Sent by iDad's iPhone

Reactions: Like 4


----------



## Silver (1/12/17)

Oh wow, @Rob Fisher - this is an epic thread!
Five stars

I have several pieces of equipment that changed things for me - some of them are still in use today!!
Will see what I can find and post it when I get a chance

Reactions: Like 5 | Agree 1


----------



## Silver (1/12/17)

The mighty *Innokin MVP2* is one of the most reliable regulated mods I have had.

I got a second one because I was so happy with it.

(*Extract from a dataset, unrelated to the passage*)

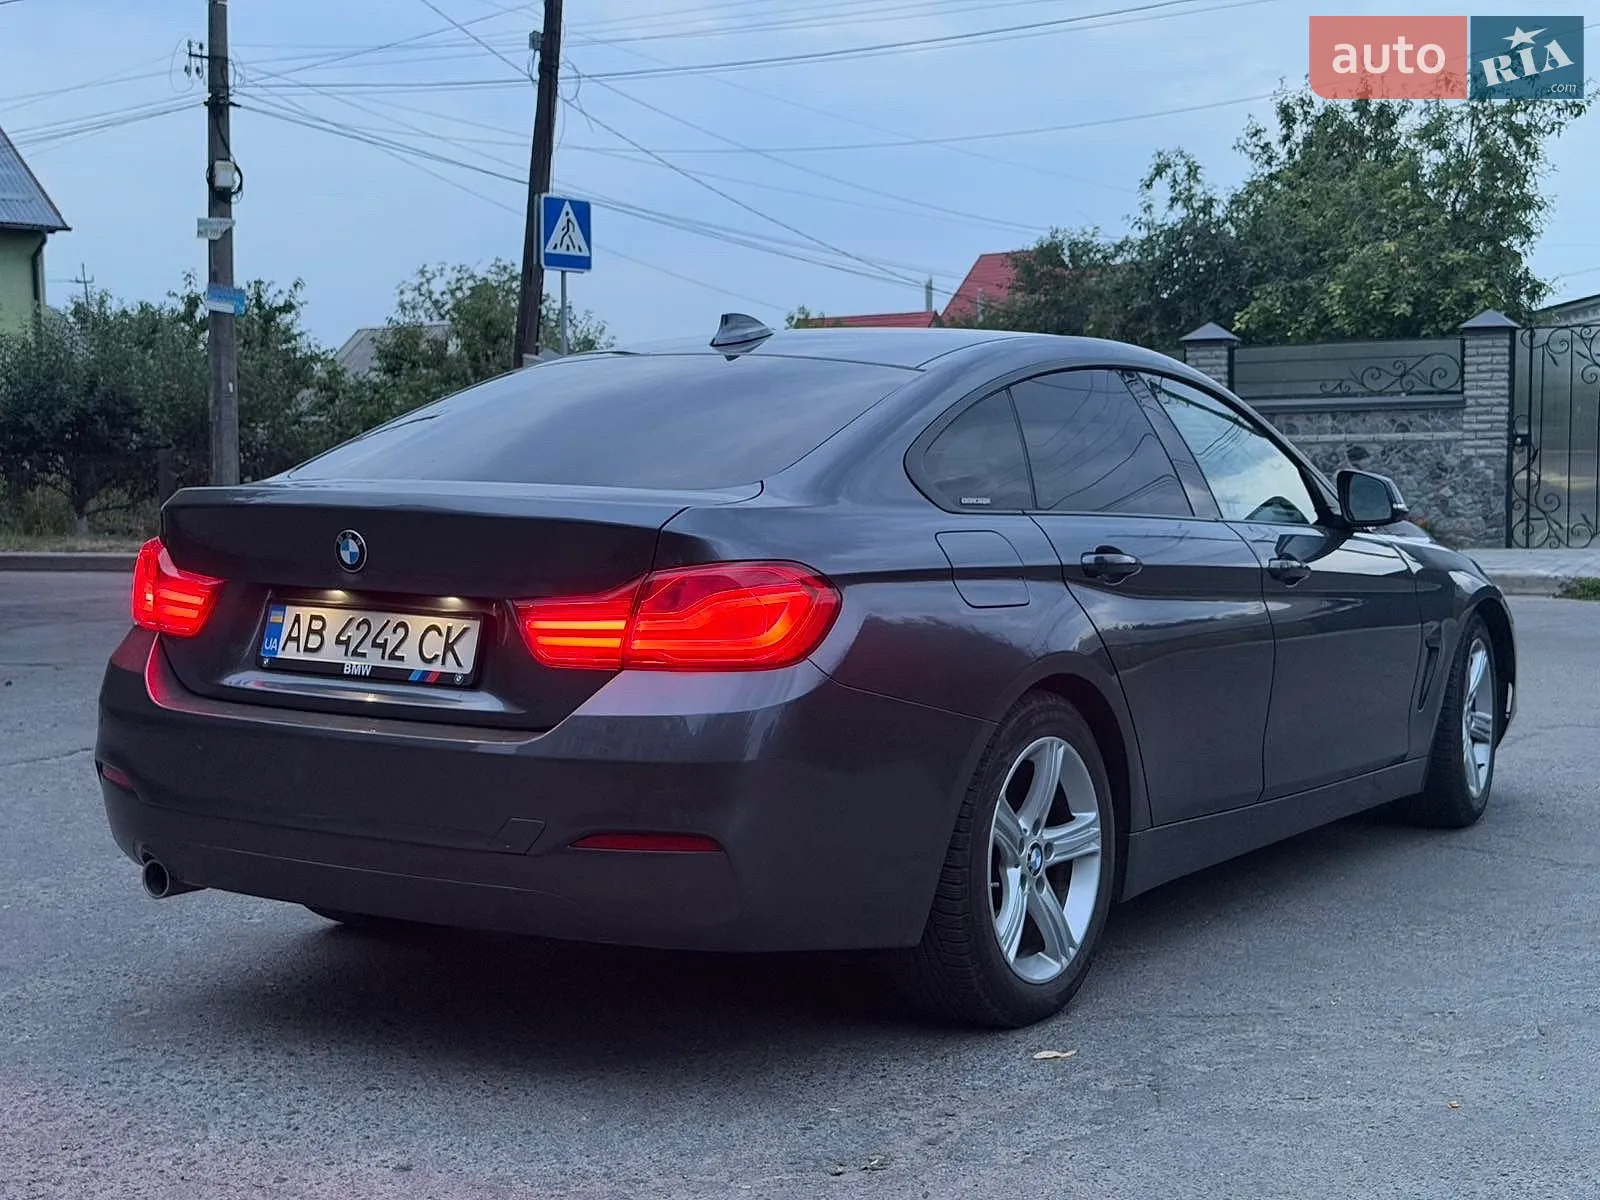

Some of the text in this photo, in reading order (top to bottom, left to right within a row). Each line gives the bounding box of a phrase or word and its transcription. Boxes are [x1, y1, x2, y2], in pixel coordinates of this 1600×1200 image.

It's only 11 Watts but has a 4,400 mah battery so it lasts for days on a low power high nic MTL setup.

This mod is so reliable that both of them have been in daily use for about 3.5 years after getting them. The last 2 years or so they were annexed by my wife as her daily drivers.

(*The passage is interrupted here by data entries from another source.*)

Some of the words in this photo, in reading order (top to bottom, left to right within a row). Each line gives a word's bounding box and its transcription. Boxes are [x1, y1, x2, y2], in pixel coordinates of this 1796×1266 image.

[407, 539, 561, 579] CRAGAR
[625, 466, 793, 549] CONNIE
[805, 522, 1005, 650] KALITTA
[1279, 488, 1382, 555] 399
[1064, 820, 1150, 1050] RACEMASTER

Took this photo this morning.

What a legendary device. Rock solid and dependable. (I will talk about the Evod on top in a separate post)

Reactions: Like 7 | Winner 3


----------



## Petrus (1/12/17)

I entered my vaping journey with a Twisp, and was on and off stinkies, so I stumbled across this forum (Ecigsssa). Immediately I started to investigate, and what trigger me was the coil building. @Silver convinced me to getting a Kangertech Subbox Mini Kit, and boom, stinkies gone. Then I stated to read on the Reo pages, need I say more. @Andre , my mentor helped me to get hold off a Reo, the last white SL/LP Grand at Vapour Mountain. Needless to say me and @Rob Fisher , started getting along so well, at that time I thought he was the Vaping god, aka Reo Master. The rest is history to all my forum members/friends will know, I LOVE SQUONKING.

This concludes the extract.